Sprachlich waren die Tagebücher verworren und zusammenhanglos, vieles wirkte ganz einfach absurd. Auch hatte es ihr Verfasser versäumt, Daten anzugeben, sodass man nur aufgrund der Uneinheitlichkeit von Tusche und Zeichen auf unterschiedliche Zeiten der Abfassung schließen konnte. Es gab jedoch auch zusammenhängende Teile, die ich nun in einer Auswahl der medizinischen Fachwelt zum Studium vorlege. Fehler in den Aufzeichnungen habe ich grundsätzlich nicht verbessert. Lediglich die Personennamen habe ich geändert, obwohl es sich bei den Betreffenden um Leute vom Lande handelt, welche in der Öffentlichkeit unbekannt und ohne jeden Belang sind. Den Titel hat der Verfasser nach seiner Genesung gewählt, ich habe nichts daran geändert.
I
Ein schöner Mond heute Abend.
Mehr als dreißig Jahre habe ich ihn nicht gesehen. Sein Anblick heute ist ein seltenes Vergnügen. Nun erst weiß ich: Die letzten mehr als dreißig Jahre waren ausnahmslos eine Zeit der Finsternis. Aber ich muss auf der Hut sein. Wieso hätte sonst der Hund der Familie Zhao ein Auge auf mich geworfen?
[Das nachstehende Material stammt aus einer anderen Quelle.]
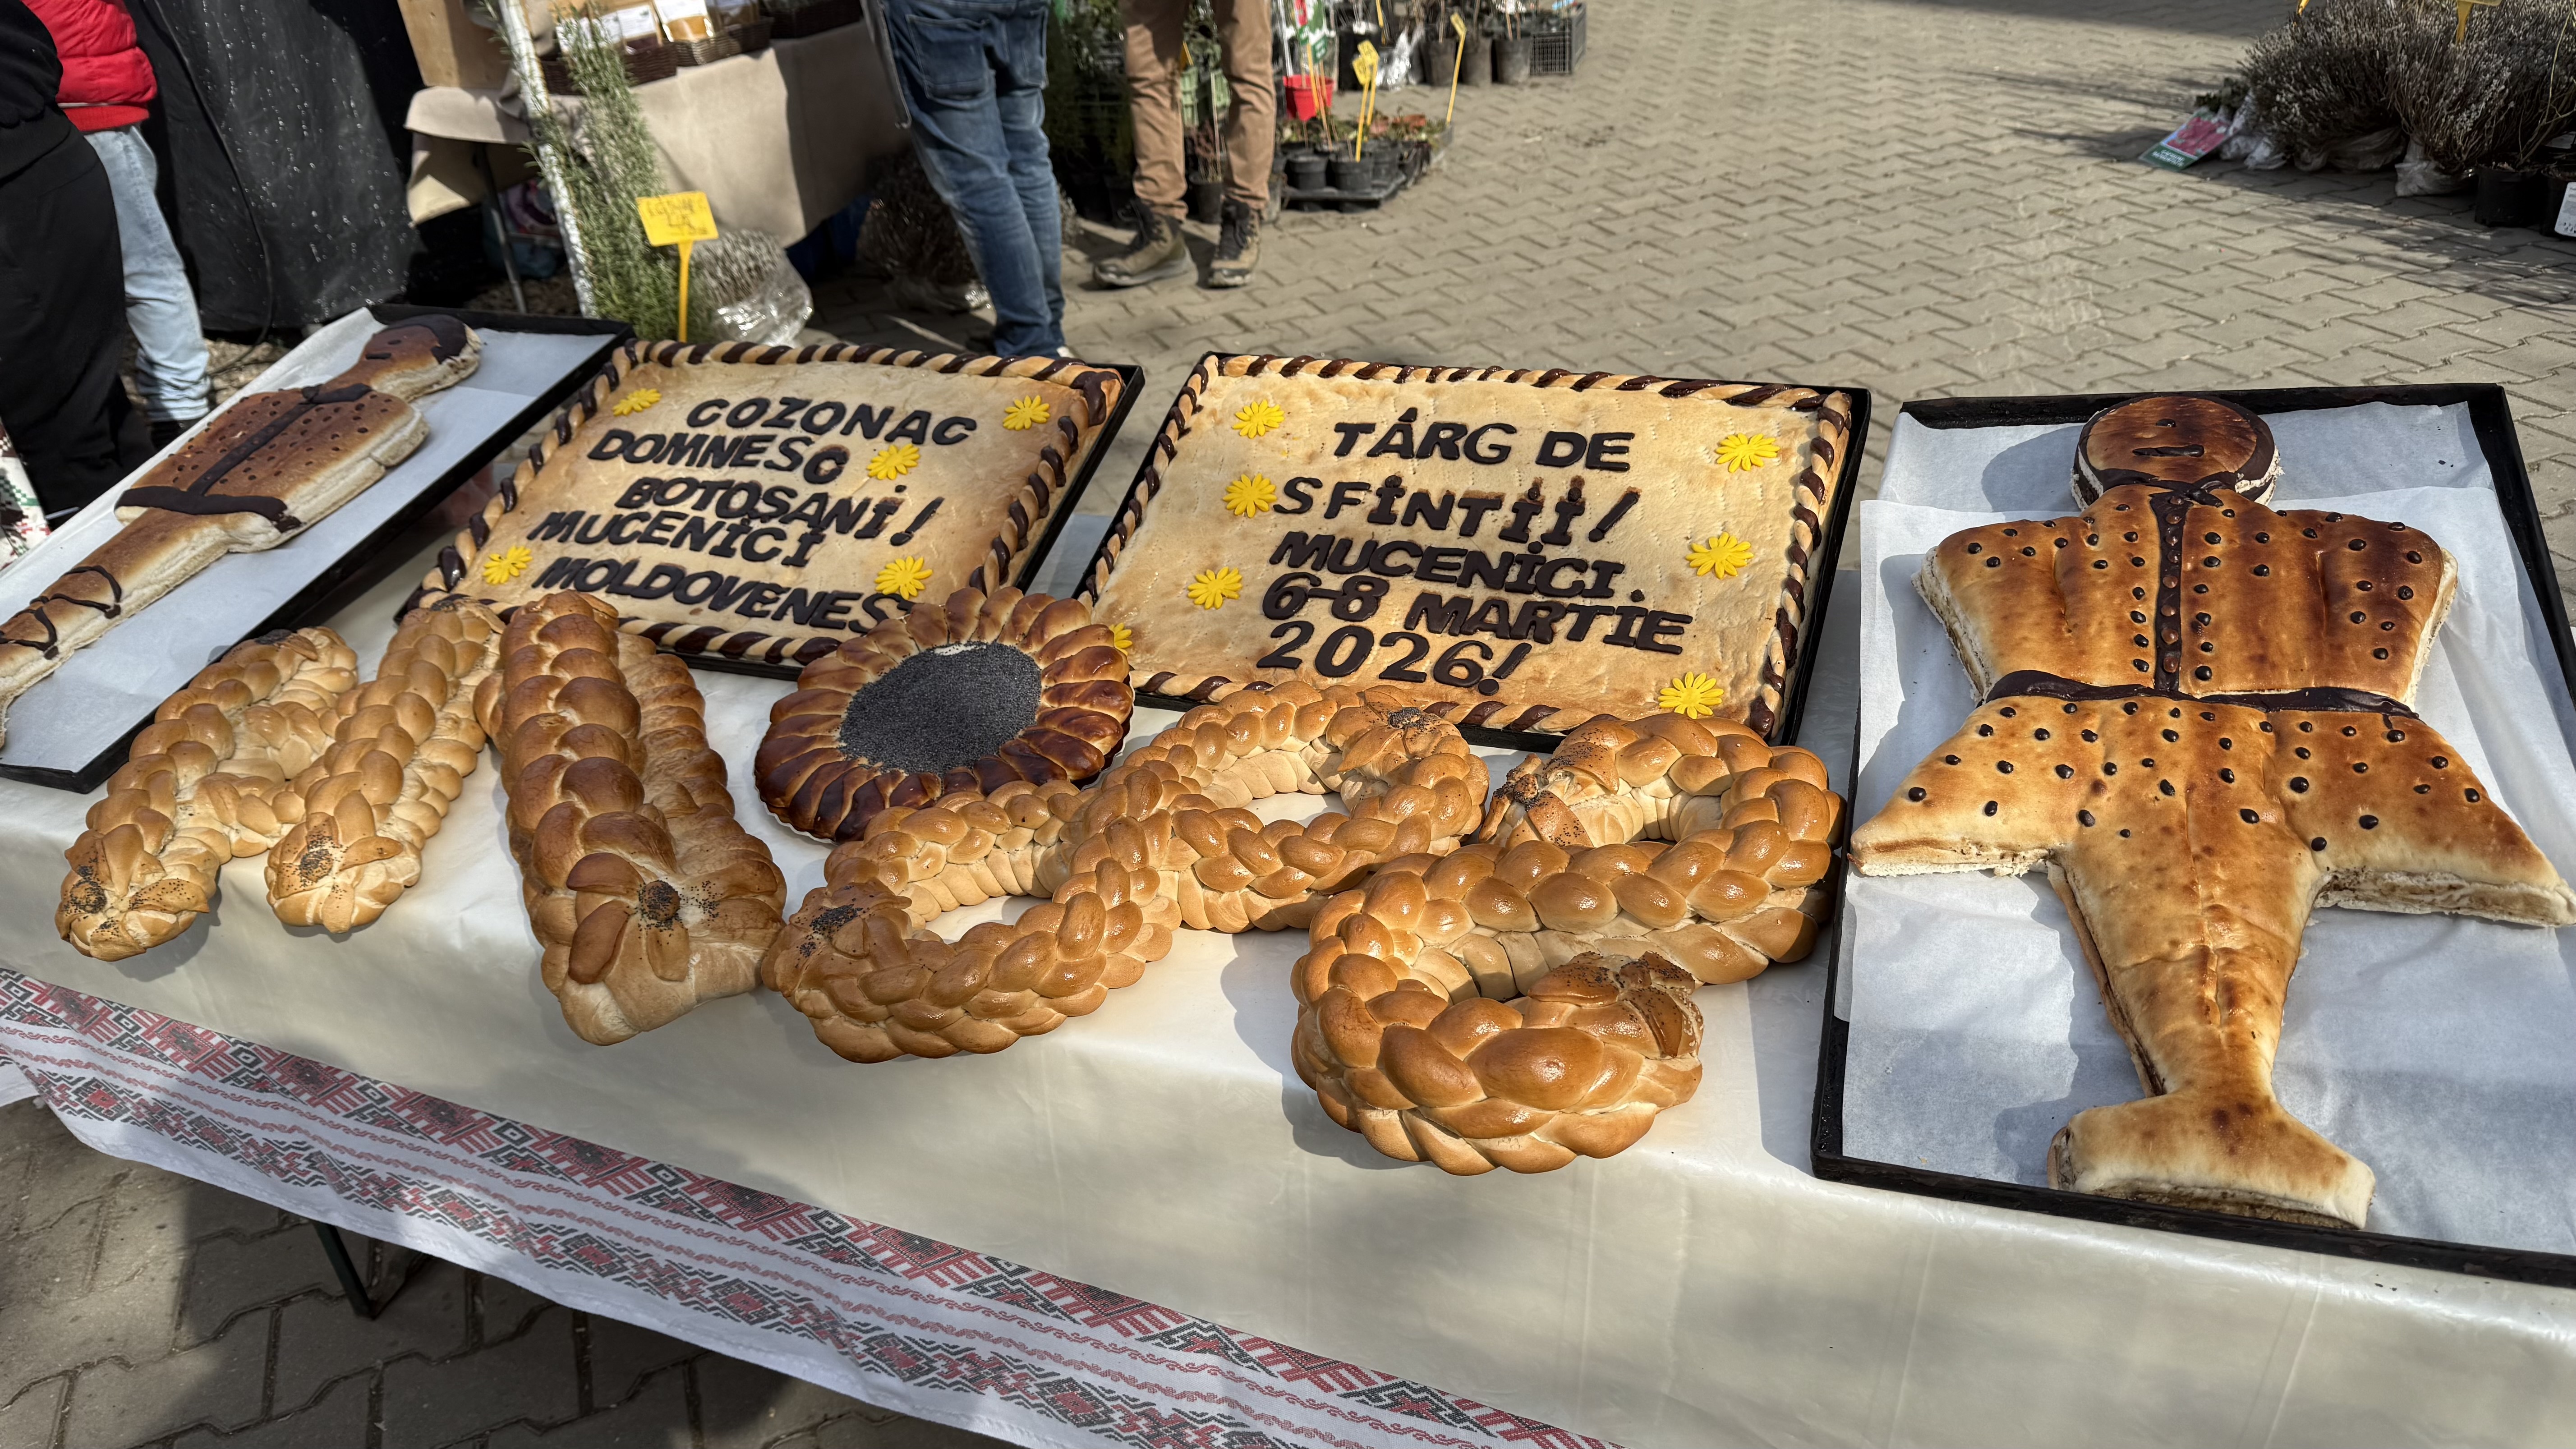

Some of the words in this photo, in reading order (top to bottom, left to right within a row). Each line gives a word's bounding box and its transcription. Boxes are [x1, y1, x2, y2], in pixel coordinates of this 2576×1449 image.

Ich habe Grund zur Furcht.
II
Heute gibt es überhaupt kein Mondlicht, ich weiß, das ist ein schlechtes Zeichen. Als ich heute Morgen mit aller Vorsicht aus dem Haus trat, schaute mich Altwürden Zhao seltsam an: als wenn er mich fürchtete, als wenn er daran dächte, mir ein Leid anzutun. Da waren dann noch sieben oder acht, die steckten die Köpfe zusammen und tuschelten über mich, doch fürchteten sie, ich könnte es bemerken. Die Leute auf der Straße verhielten sich alle so. Der Bösartigste unter ihnen hatte sein Maul aufgesperrt und grinste mich an. Eiskalt lief es mir den Rücken hinunter. Mir war klar, sie hatten ihre Vorbereitungen bereits getroffen.
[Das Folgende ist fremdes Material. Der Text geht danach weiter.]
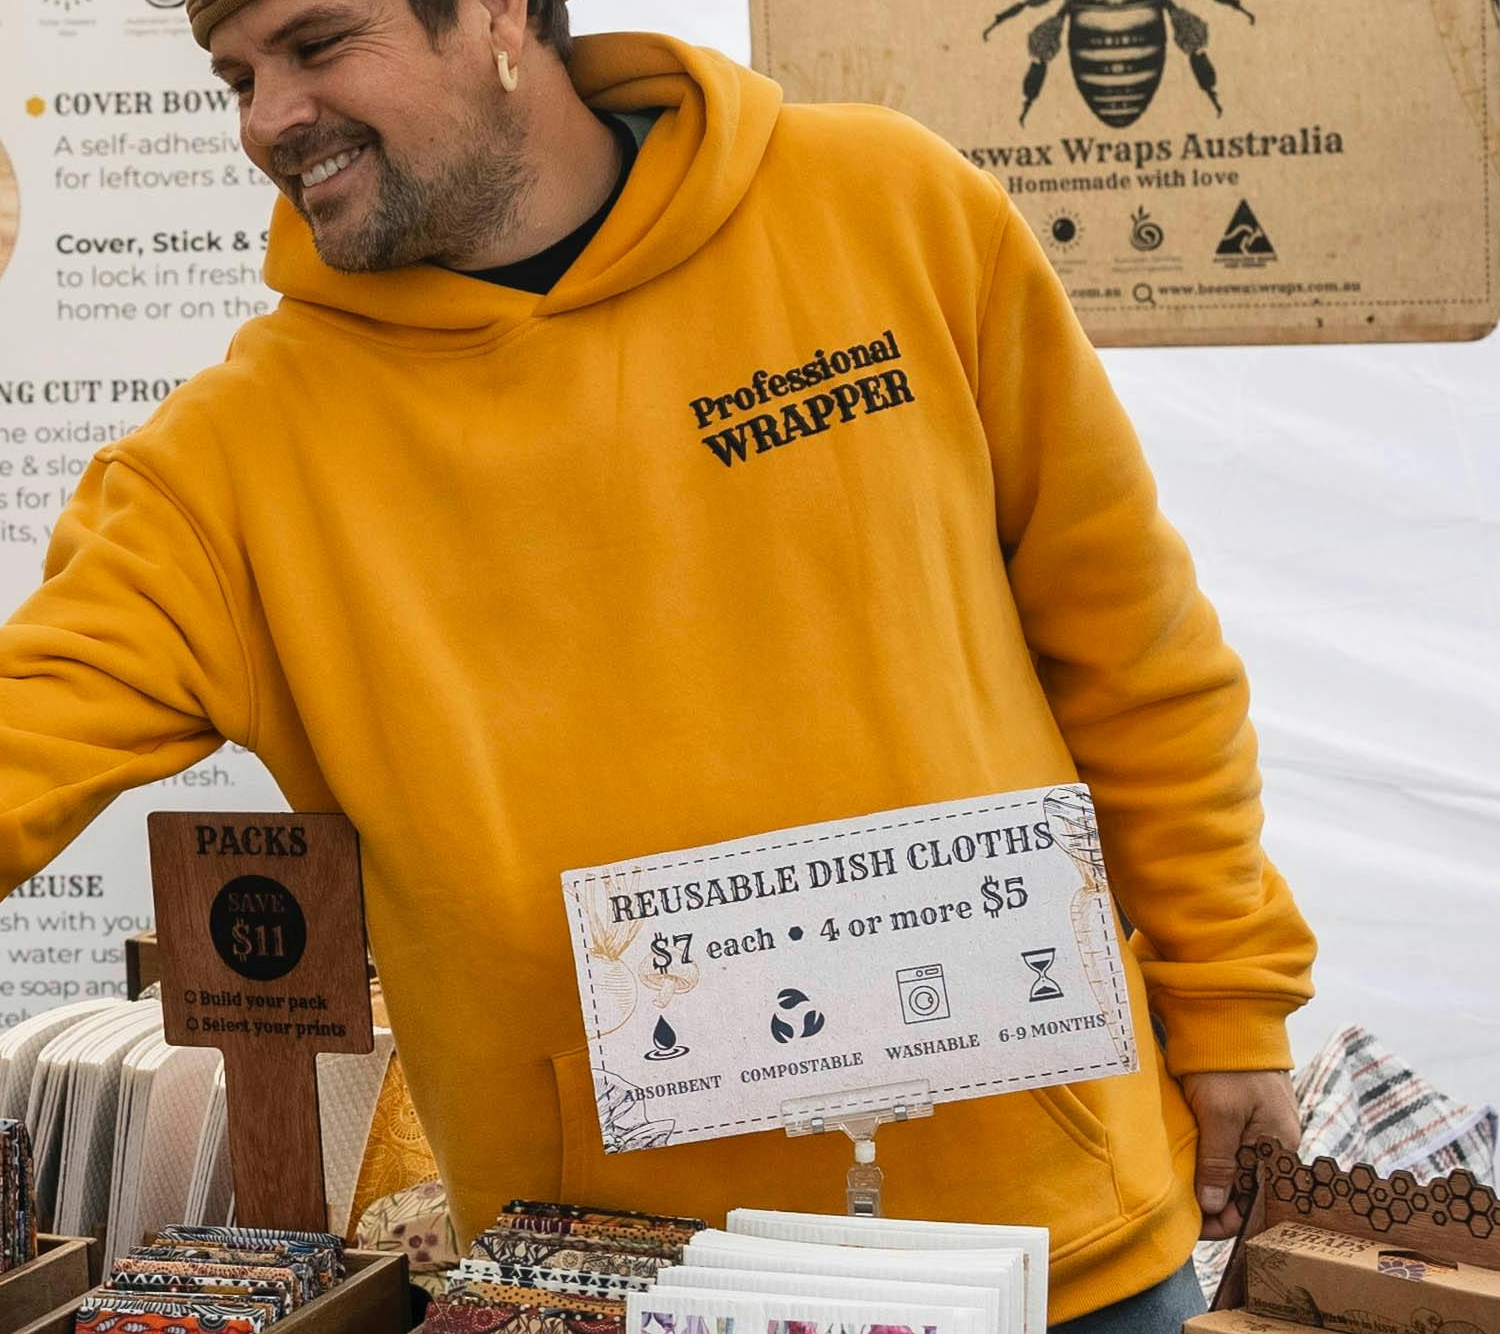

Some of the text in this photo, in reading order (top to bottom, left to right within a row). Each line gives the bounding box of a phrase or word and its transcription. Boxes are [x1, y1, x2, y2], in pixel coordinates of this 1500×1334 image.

Doch ich hatte keine Angst und setzte meinen Weg gelassen fort. Ein paar kleine Kinder vor mir tuschelten ebenfalls über mich. Sie hatten denselben Blick wie Altwürden Zhao, und auch ihre Miene war von abweisender Kälte. Ich überlegte, was diese Kinder wohl gegen mich haben mochten, dass sie sich so benahmen. Ich konnte nicht mehr an mich halten und fuhr sie mit lauter Stimme an: »Sagt es mir!« Doch sie machten sich auf und davon.
Was mag Altwürden Zhao gegen mich haben, was erst recht die Leute auf der Straße?, frage ich mich. Dass ich vor zwanzig Jahren die Geschäftsbücher des Herrn Feudal mit Füßen getreten habe, scheint mir die einzig plausible Erklärung, denn Herr Feudal war darüber äußerst ungehalten. Wenn Altwürden Zhao mit ihm auch nicht bekannt war, so muss er dennoch von der Sache Wind bekommen und sie als persönliche Schmach empfunden haben, sodass er sich mit den Leuten auf der Straße gegen mich verschworen hat. Aber die kleinen Kinder? Sie waren doch noch gar nicht geboren, wieso schauen sie mich heute ebenfalls so seltsam an, als wenn sie mich fürchteten, als wenn sie mir ein Leid antun wollten? Das alles macht mir Angst, es schreckt mich und schmerzt.
Ich begreife. Die Eltern haben es ihnen beigebracht.
III
Ich kann nachts nicht schlafen. Alles muss erwogen werden, dann erst lässt sichs verstehen.
Sie haben sich vom Landrat ins Joch stecken lassen, sie haben sich von der Gentry ins Gesicht schlagen lassen, ihre Frauen wurden ein Opfer der Amtsbüttel, ihre Eltern wurden von den Gläubigern in den Tod getrieben, aber nie waren ihre Mienen so ängstlich und böse wie gestern. Am merkwürdigsten war die Frau gestern auf der Straße. Sie schlug ihren Sohn und schrie ihn an: »Du bist wie der Alte! Ich könnte dich zerfleischen, erst dann hätte ich Ruhe!« Dabei hielt sie jedoch ihre Augen auf mich gerichtet. Ich war bestürzt und unfähig, mich zu verstellen. Die Leute mit den schwarz-grünen Gesichtern und den Hauerzähnen grölten vor Lachen. Chen Laowu preschte nach vorn und begann, mich mit festem Griff heimwärts zu ziehen.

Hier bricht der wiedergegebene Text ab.